Bush and his lovers are of a type. They are those of my generation who were CONSERVATIVE, who thought status quo was fine, especially if it didn;t inconvenience them, and felt that, as children of wealth or just status quo, that entitled them to everything. And people like me who marched, went to love-ins at Griffith Park and smoked reefer while listening to groovy music, were hated by our conservative contemporaries.

They were unconcerned by doings at Selma, Memphis, and My Lai. They were unconcerned by Reagan's treatment of Chavez here in California. They were unconcerned with black and poor kids dying in Southeast Asia.

The only thing that concerned them was: "How does this affect me?" Rich, poor, or middle class, the conservatives of the time, including the delusional youth who supported Goldwater, cared about their own chances, their own college entrance exams, their own asses. And little else.

Clinton has no need to repent of his '60s sins, and neither do I or anyone who found their way to progressive ideals. Bush supporters who are angry about the '60s are much like Jesse Helms in his latest written revealing as the prototypical Dixiecrat. They yearn for a past that was hateful, toxic, and disgusting. Black folks were mistreated, women were kept "in their place," and capitalists could move unfettered through the American landscape.

What kills me about conservatives is that even those who are relatively poor or middle class still don't get it. Their ideoligical masters (Strauss, et al) don't give a crap about you. The only people who give a crap about you and your position in society are progressives. How's that health care working for you? What are you going to do for income when your retirement plan fails and Soc. Sec. is dismantled? Don't you get it? You are cannon fodder, soylent green, fertilizer for the Wall Street reading elite.

Clinton has apologized for putting his dick where it didn't belong. Bush should apologize for breathing my air. But he's "saved" so it's all OK. Well, save this.

Posted by: Stephen Anderson | Jun 13, 2005 4:19:59 AM

Ezra,

You give them WAY too much credit. The right hates Clinton because they're hateful people. The right
wing doesn't even really care much about conservative/libeterian political thinking as much as
they use it occasionally as an excuse for their emotional dispositions.

Pick up a copy of David Brock's "Blinded by the Right" or Greg Palast's "The Best Democracy Money Can Buy".
Brock demonstrates the extent of their hatred for liberals and just how out of the mainstream these people are.

Palast will show you that the people don't believe in capitalism as much as they do cronyism and giveaways for their buddies. They're motivated by greed & their
only real ideology is aristocracy.

It's like trying to find out the root cause of racism, basically - some people just aren't raised properly and they end up being real assholes.

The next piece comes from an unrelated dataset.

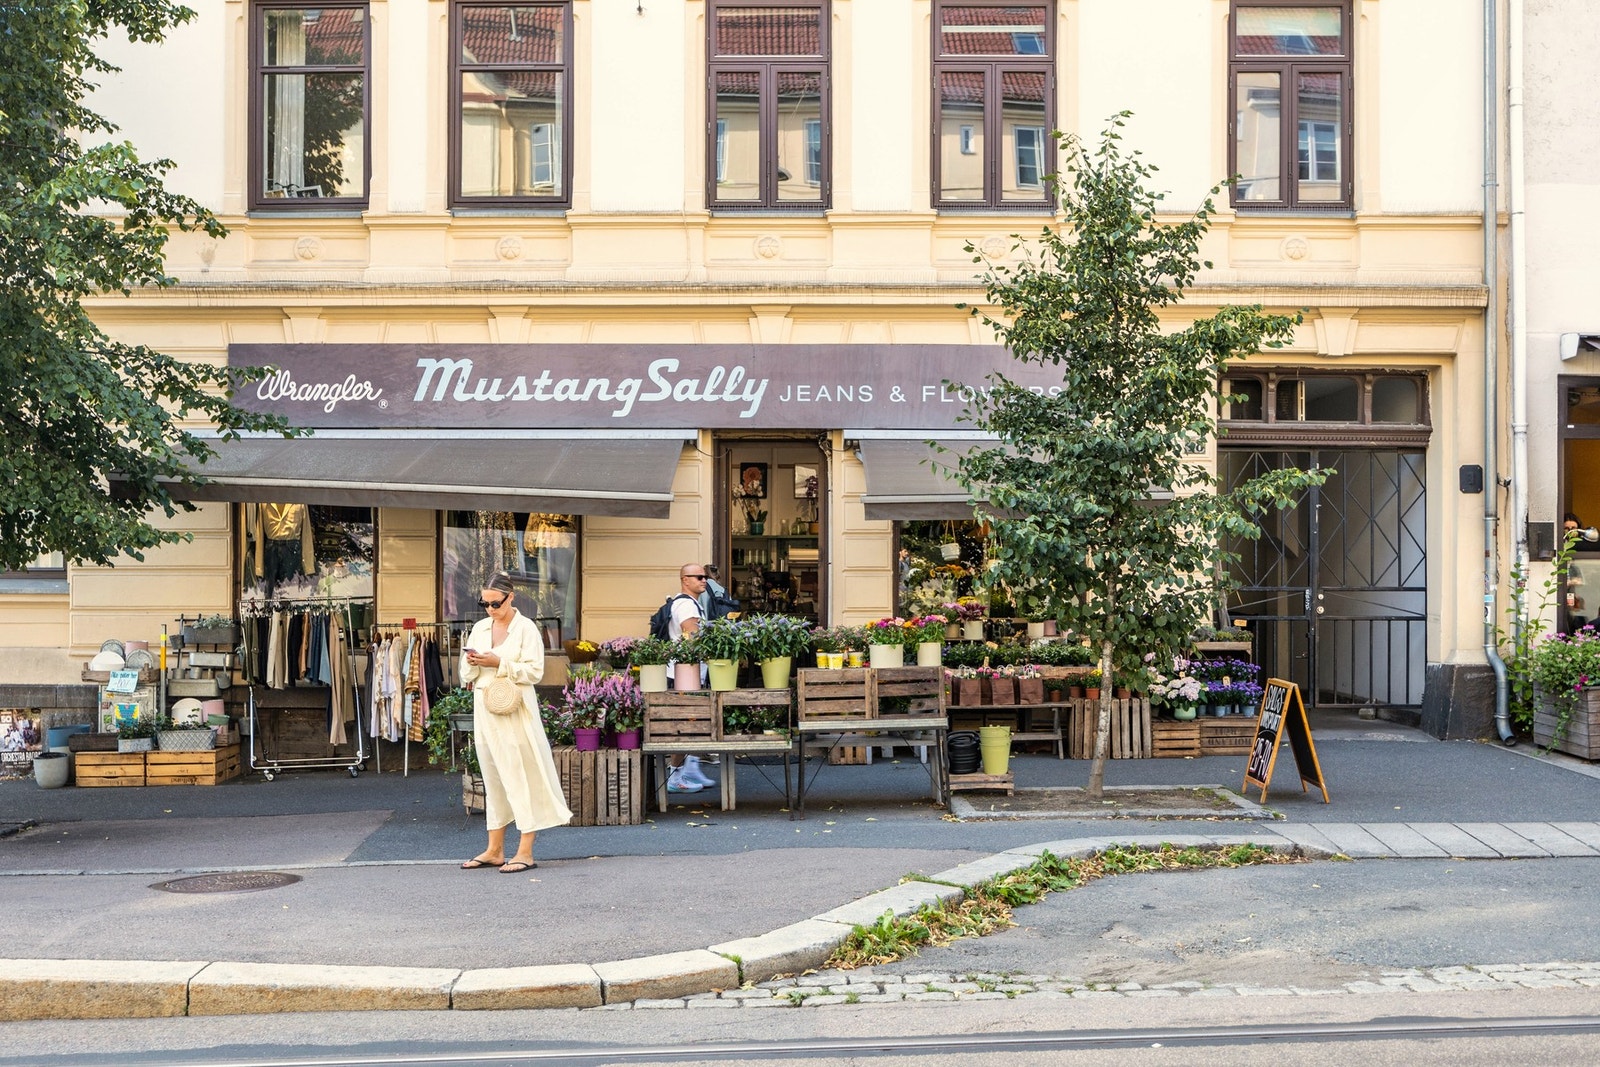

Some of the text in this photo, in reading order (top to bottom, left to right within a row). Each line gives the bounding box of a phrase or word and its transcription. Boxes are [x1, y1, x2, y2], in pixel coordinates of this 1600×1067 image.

[779, 384, 874, 402] JEANS
[889, 385, 906, 402] &
[620, 761, 629, 815] HOLLAND

Bill & Hillary have always had their conservative roots. Remember, Hillary was a Goldwater Girl. None of this matters. Not one bit to them.

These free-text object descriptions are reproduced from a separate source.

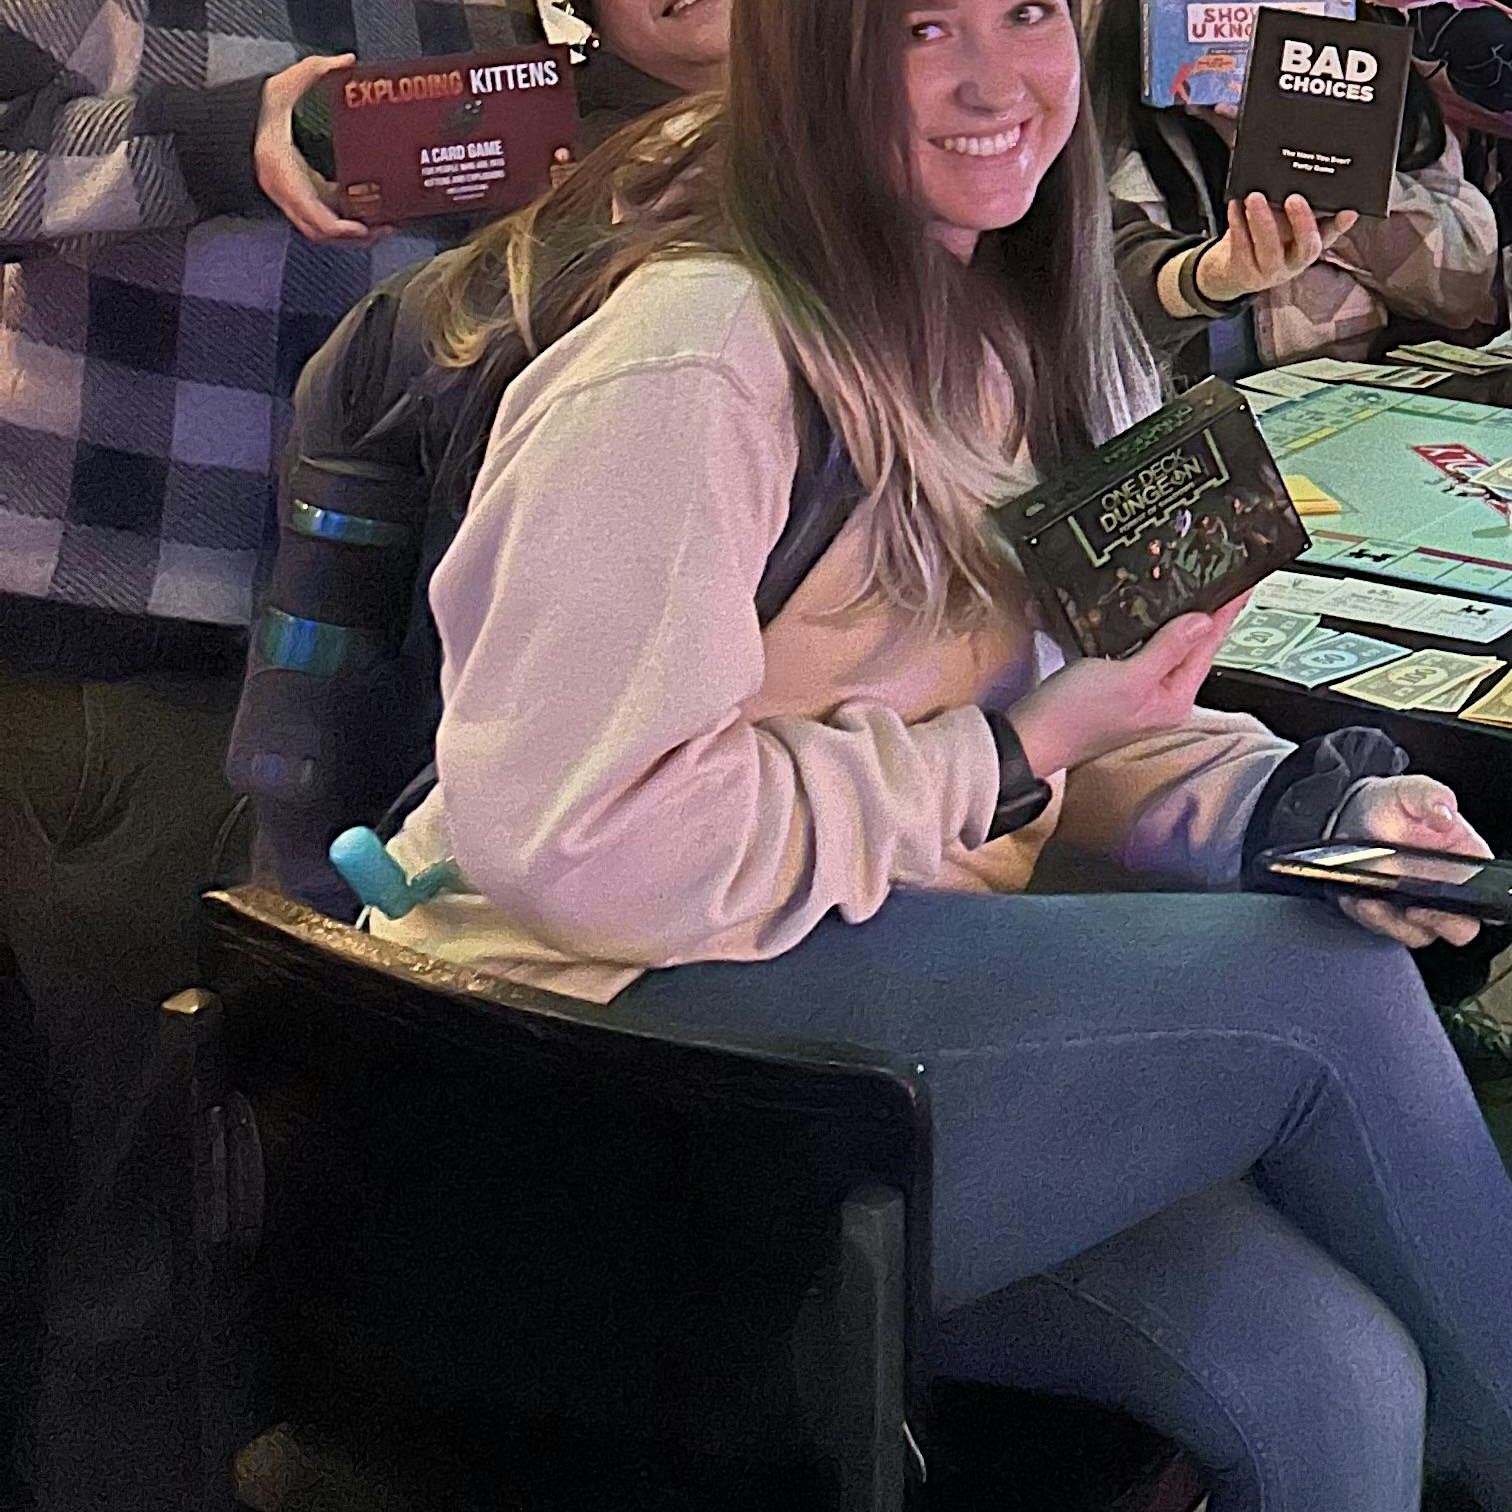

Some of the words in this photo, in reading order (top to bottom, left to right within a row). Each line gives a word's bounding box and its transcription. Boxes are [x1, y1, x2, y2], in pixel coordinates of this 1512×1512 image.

[1192, 24, 1206, 39] U
[1280, 39, 1378, 83] BAD
[345, 71, 463, 108] EXPLODING
[469, 60, 559, 94] KITTENS
[1279, 73, 1375, 103] CHOICES
[420, 149, 430, 165] A
[431, 144, 465, 163] CARD
[467, 139, 503, 159] GAME
[1099, 455, 1204, 534] DUNGEON
[1101, 479, 1137, 511] ONE
[1138, 448, 1185, 485] DECK
[1397, 668, 1437, 683] 100

Posted by: Joe Loserman | Jun 13, 2005 8:46:23 AM

Weboy, you wrote, "I think the dirty secret is almost everyone BUT a Boomer hates boomers, and within the boomer generation there's plenty of self-loathing for one group or another."

That is off topic and mean. Besides, we lowered the drinking age to 18 for us boomers but when we all became 21, we raised it back up to 21. So boomers do have some political clout.

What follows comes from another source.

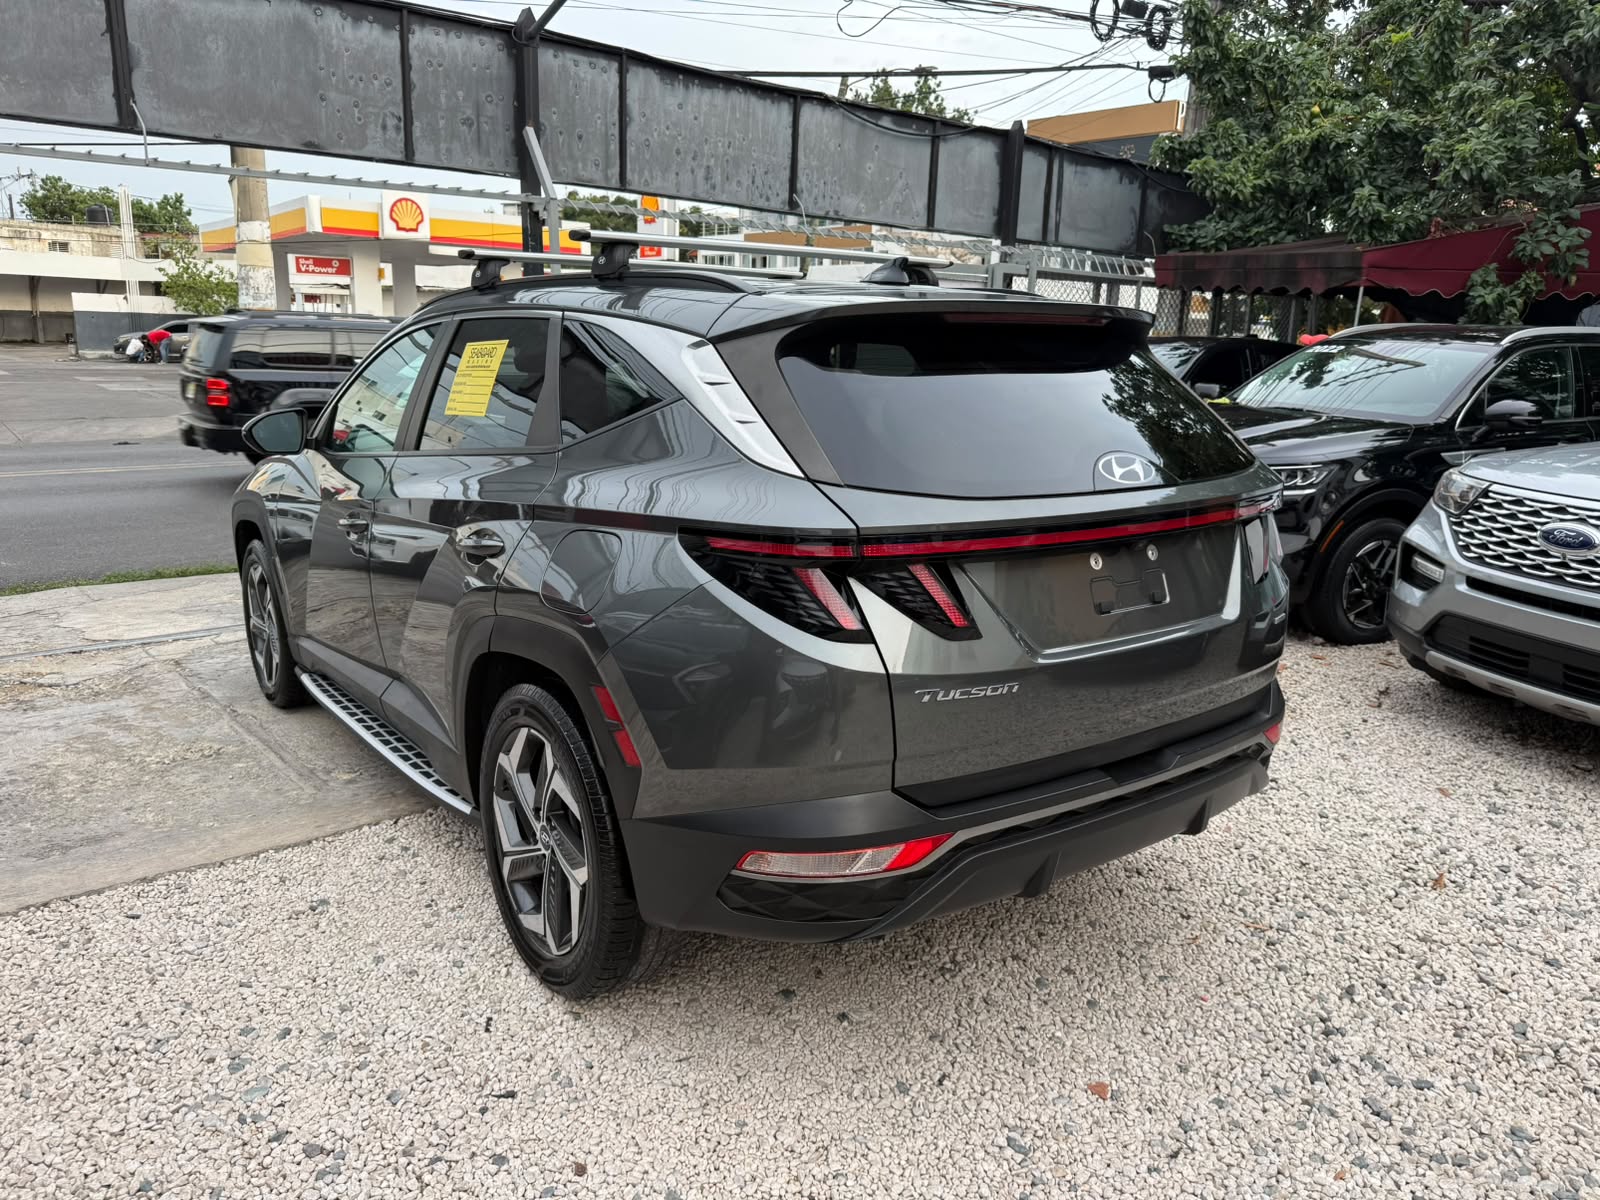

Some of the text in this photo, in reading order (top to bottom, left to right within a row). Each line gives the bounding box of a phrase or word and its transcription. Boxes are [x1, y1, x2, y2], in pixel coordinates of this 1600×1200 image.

[299, 264, 338, 274] V-Power
[1549, 528, 1583, 545] Ford
[914, 682, 1020, 703] TUCSON

I hope Hillary gets the nomination. Hannity says it will make for great radio and I agree. She did say that people in my profession (it is improper to mention here), "..will be able to find another line of work." She didn't win that one but she has other good ideas. I mean look at the important legislation she is known for in the Senate.

Posted by: Ron Greiner | Jun 13, 2005 9:33:40 AM

'Smug'? Actually, that word gives away the pompous snobbery of so many Clinton-haters. They just can't cope with the idea of President Bubba Boomer, as much as they claim to appeal to the bubbas.